Just tried to run on my natural data, and I get the following error message when reading the hd5f files

Reading HDF5: "ReLERNN/splitVCFs/paria_marianne_1027798.final_chr1:0-34343053.hdf5"...
Process Process-2:
Error: chromosomes have different numbers of samples
Traceback (most recent call last):
  File "/gpfs/ts0/home/jrp228/.local/bin/ReLERNN_SIMULATE", line 4, in <module>
    __import__('pkg_resources').run_script('ReLERNN==0.1', 'ReLERNN_SIMULATE')
  File "/gpfs/ts0/shared/software/Python/3.6.4-foss-2018a/lib/python3.6/site-packages/setuptools-38.4.0-py3.6.egg/pkg_resources/__init__.py", line 750, in run_script
  File "/gpfs/ts0/shared/software/Python/3.6.4-foss-2018a/lib/python3.6/site-packages/setuptools-38.4.0-py3.6.egg/pkg_resources/__init__.py", line 1527, in run_script
  File "/gpfs/ts0/home/jrp228/.local/lib/python3.6/site-packages/ReLERNN-0.1-py3.6.egg/EGG-INFO/scripts/ReLERNN_SIMULATE", line 219, in <module>
Traceback (most recent call last):
  File "/gpfs/ts0/shared/software/Python/3.6.4-foss-2018a/lib/python3.6/multiprocessing/process.py", line 258, in _bootstrap
    self.run()
  File "/gpfs/ts0/shared/software/Python/3.6.4-foss-2018a/lib/python3.6/multiprocessing/process.py", line 93, in run
    self._target(*self._args, **self._kwargs)
  File "/gpfs/ts0/home/jrp228/.local/lib/python3.6/site-packages/ReLERNN-0.1-py3.6.egg/ReLERNN/manager.py", line 199, in worker_countSites
    if md_mask.any():
  File "/gpfs/ts0/home/jrp228/.local/lib/python3.6/site-packages/allel/abc.py", line 43, in __getattr__
    return getattr(self.values, item)
AttributeError: 'Dataset' object has no attribute 'any'
    main()
  File "/gpfs/ts0/home/jrp228/.local/lib/python3.6/site-packages/ReLERNN-0.1-py3.6.egg/EGG-INFO/scripts/ReLERNN_SIMULATE", line 108, in main
    wins, nSamps, maxS, maxLen = vcf_manager.countSites(nProc=nProc)
  File "/gpfs/ts0/home/jrp228/.local/lib/python3.6/site-packages/ReLERNN-0.1-py3.6.egg/ReLERNN/manager.py", line 170, in countSites
    return sorted_wins, nSamps[0], maxS, maxLen
IndexError: list index out of range

My vcf file is pretty standard, although there is some missing data, and I'm running ReLERNN like this:
ReLERNN_SIMULATE -v paria_marianne_1027798.final.vcf -g STAR.extents.bed -m STAR.chromosomes.release.repeats.bed -d ReLERNN/ -u 4.8e-8 --unphased

I checked the vcf files generated in the first step of the script, and they all have the same number of samples:
for i in *vcf; do bcftools query -l $i | wc -l; done | sort | uniq
22

The text was updated successfully, but these errors were encountered:

jradrion · 2019-12-04T19:04:06Z

Hi there!

Sorry that you found a potential bug!

Can you check to see if a file named /networks/windowSizes.txt was created? The second column should list the number of haploid samples that ReLERNN thinks are present for each chromosome. If /networks/windowSizes.txt was not created could you send me say the first 1000 lines of your VCF? If it was created can you send me the first thousand or so lines from the VCF corresponding to one of the chromosomes that doesn't have 22 in the second column?

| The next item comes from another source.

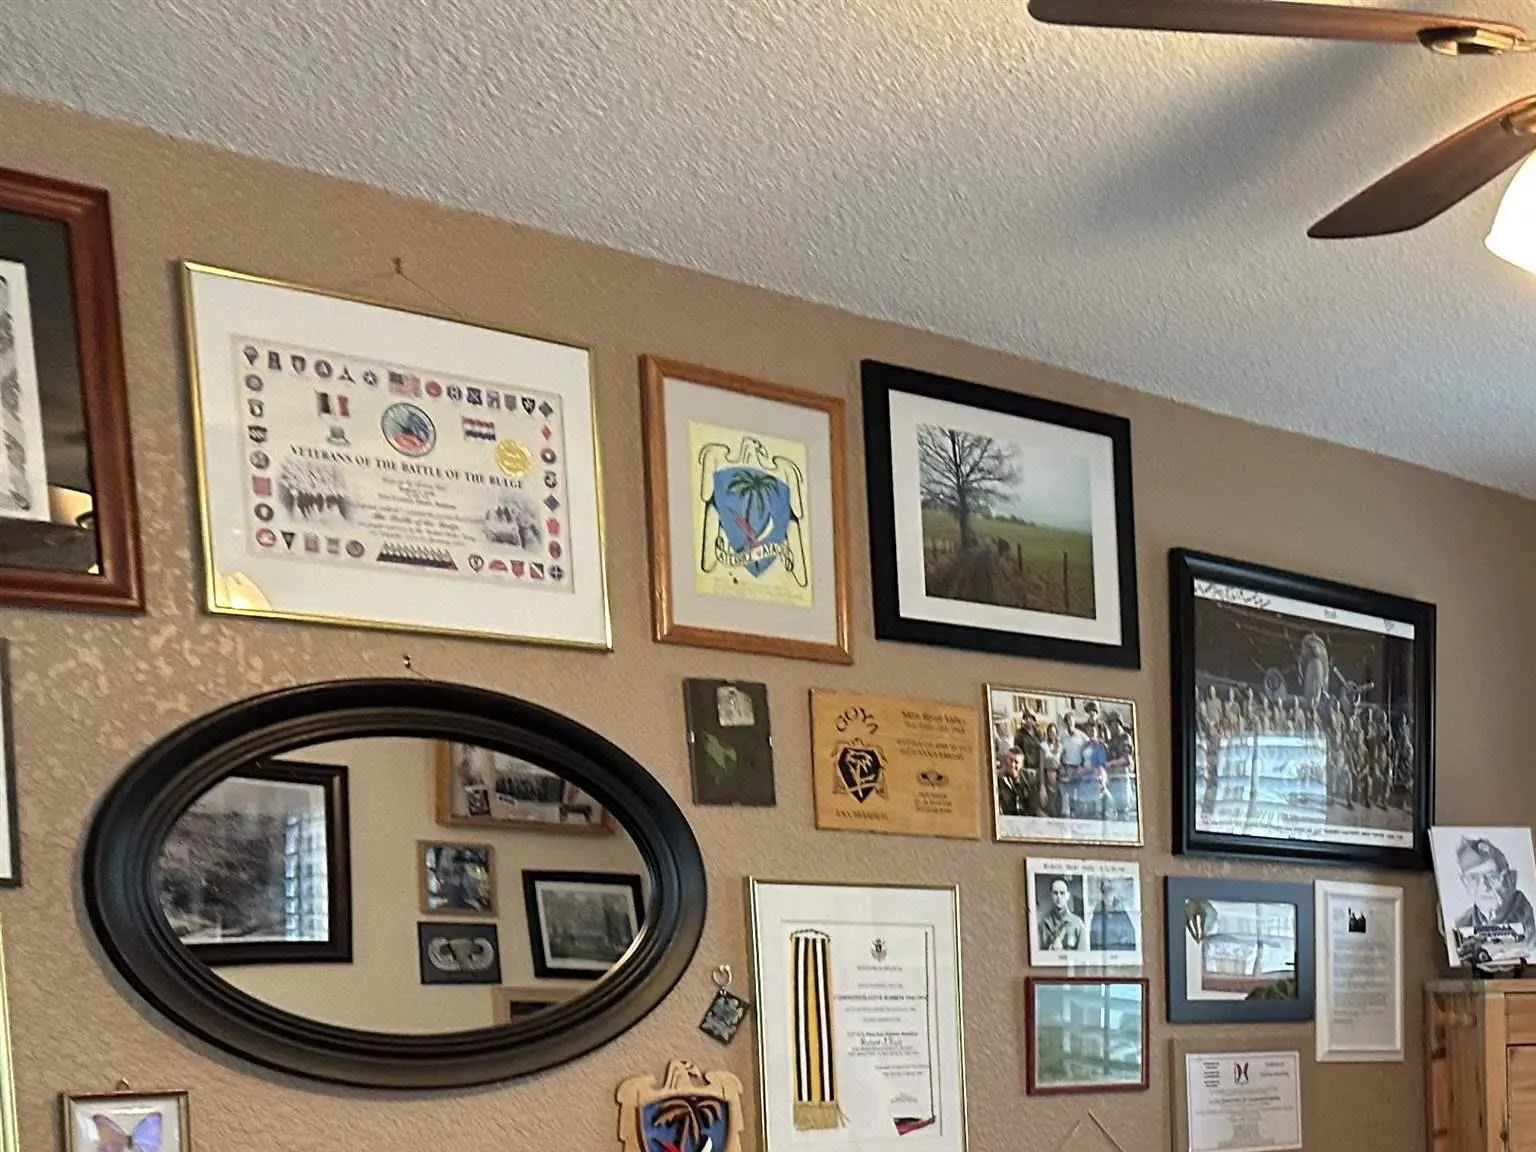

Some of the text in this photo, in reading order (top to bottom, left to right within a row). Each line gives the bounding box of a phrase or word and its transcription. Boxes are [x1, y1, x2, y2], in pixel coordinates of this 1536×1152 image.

[290, 444, 524, 489] VETERANS OF THE BATTLE OF THE BULGE
[836, 706, 879, 735] GOYA

josieparis · 2019-12-05T11:59:09Z

Hi Jeffrey,

Thanks for getting back to me so quick! windowSizes.txt is generated, but it's empty.

Here's the first 1000 lines of my VCF file
vcf_1000.vcf.gz

jradrion · 2019-12-05T18:24:37Z

Hmm, the vcf you sent me was missing the header. Is this the first ~1000 lines from the file you tried to run ReLERNN on? Higher up in your original error message do you see RuntimeError: VCF file is missing mandatory header line ("#CHROM...")? If so I think that might be the problem.

josieparis · 2019-12-09T11:01:28Z

Ah my bad, sorry I removed the header. Here's the first 1000 lines with the header!
vcf_1000_header.vcf.gz

jradrion · 2019-12-09T20:40:28Z

No problem! Thanks for sending this, I'll post a resolution ASAP.

jradrion · 2019-12-10T01:08:17Z

OK, I think I fixed the problem. The vcf you sent me is now running without issue on my end. Can you try pulling the changes/reinstalling and then give it another go? Please let me know if this doesn't resolve your issues.

josieparis · 2019-12-10T16:46:11Z

Hi Jeffrey,

Great! I have a windows.sizes file now!

Although some of my chromosomes now have a sample size of 44, and two chromosomes are 22 ...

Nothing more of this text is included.